Information
IS-IS Neighbors should be authenticated.
Rationale:
Where it is deployed, IS-IS routing is vital for normal operation of an organization's network infrastructure. Correct route information is required for routers to correctly direct traffic through the network. An attacker posing as one of the target routers IS-IS neighbors may inject incorrect information into the route table resulting in DoS attack or loss of confidential data through a Man in the Middle attack.
On Juniper routers (as well as routers from other manufacturers such as Cisco or Brocade) it is possible to authenticate neighbors using either Simple authentication or a Keyed Hash Based Message Authentication Check using an MD5 digest of elements in PDU combined with a sequence number to protect against Replay attacks and confirm authenticity.
Simple authentication sends the configured password as clear-text and should never be used. MD5 HMAC based authentication sends only a one way hash in the packets, providing authentication without exposing sensitive date, so should be used instead.
Authentication is configured for each IS-IS Level.
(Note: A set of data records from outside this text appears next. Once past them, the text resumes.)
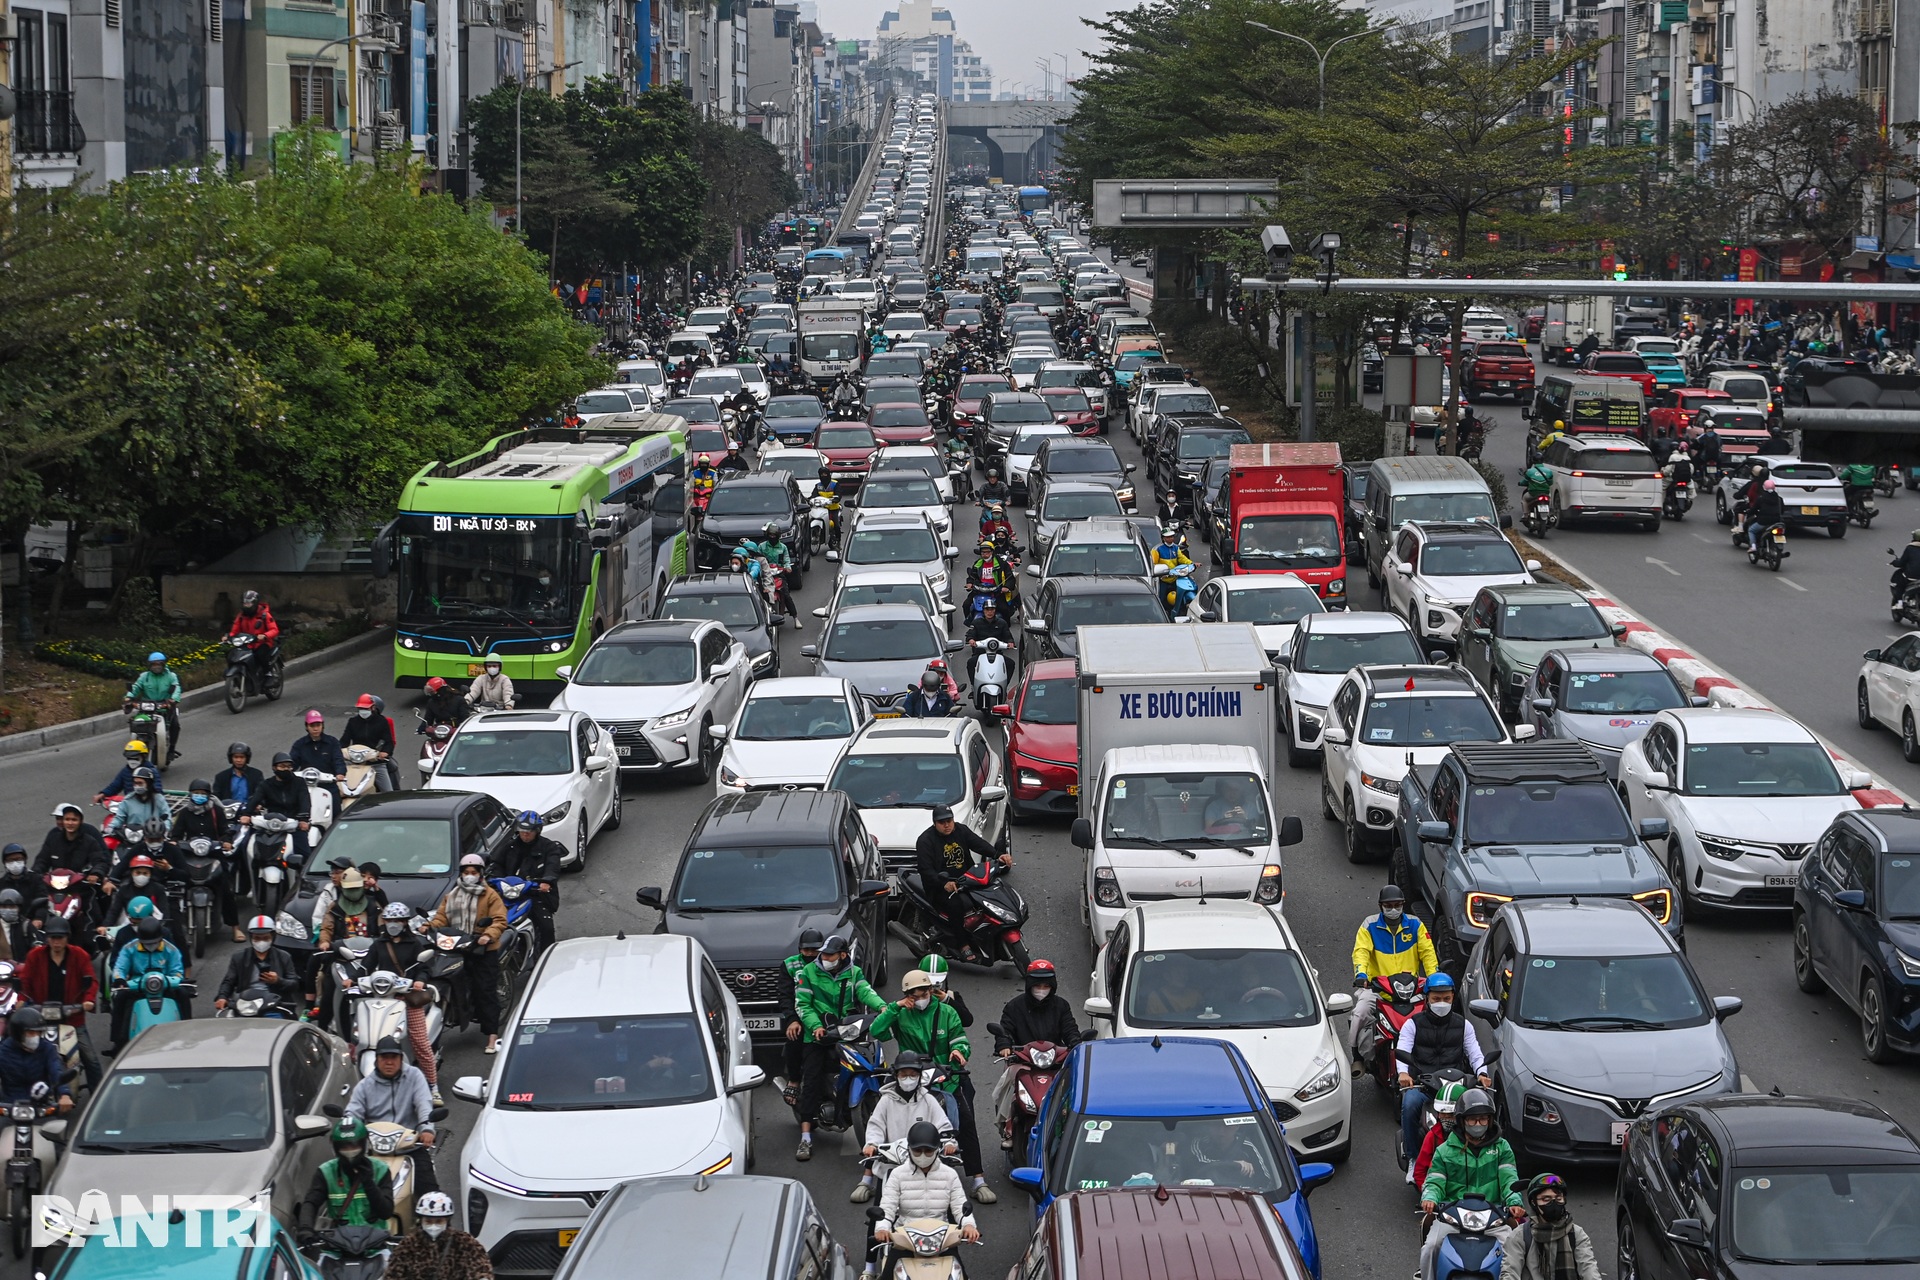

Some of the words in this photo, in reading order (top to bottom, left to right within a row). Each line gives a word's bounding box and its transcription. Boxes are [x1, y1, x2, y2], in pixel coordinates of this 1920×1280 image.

[618, 465, 634, 485] TOSHIBA
[434, 516, 451, 531] E01
[460, 517, 479, 530] NGÃ
[480, 518, 493, 530] TƯ
[516, 520, 529, 531] BX
[1120, 694, 1142, 719] XE
[1148, 690, 1182, 718] BƯU
[1186, 686, 1242, 718] CHÍNH
[1401, 932, 1412, 942] be
[508, 1093, 534, 1102] TAXI
[1616, 1134, 1622, 1144] 5
[1081, 1180, 1108, 1189] TAXI
More fine grained authentication for Hello packets may also be set at the interface level.
Solution
If you have deployed IS-IS in your network you should use MD5 authentication for all neighbors at each IS-IS Level configured.
To configure MD5 authentication and the secret key to be used, issue the following commands from the [edit protocols isis] hierarchy:
[edit protocols isis]
user@host#set level <level> authentication-type md5
user@host#set level <level> authentication-key <key>
Default Value:
No IS-IS routing is configured by default.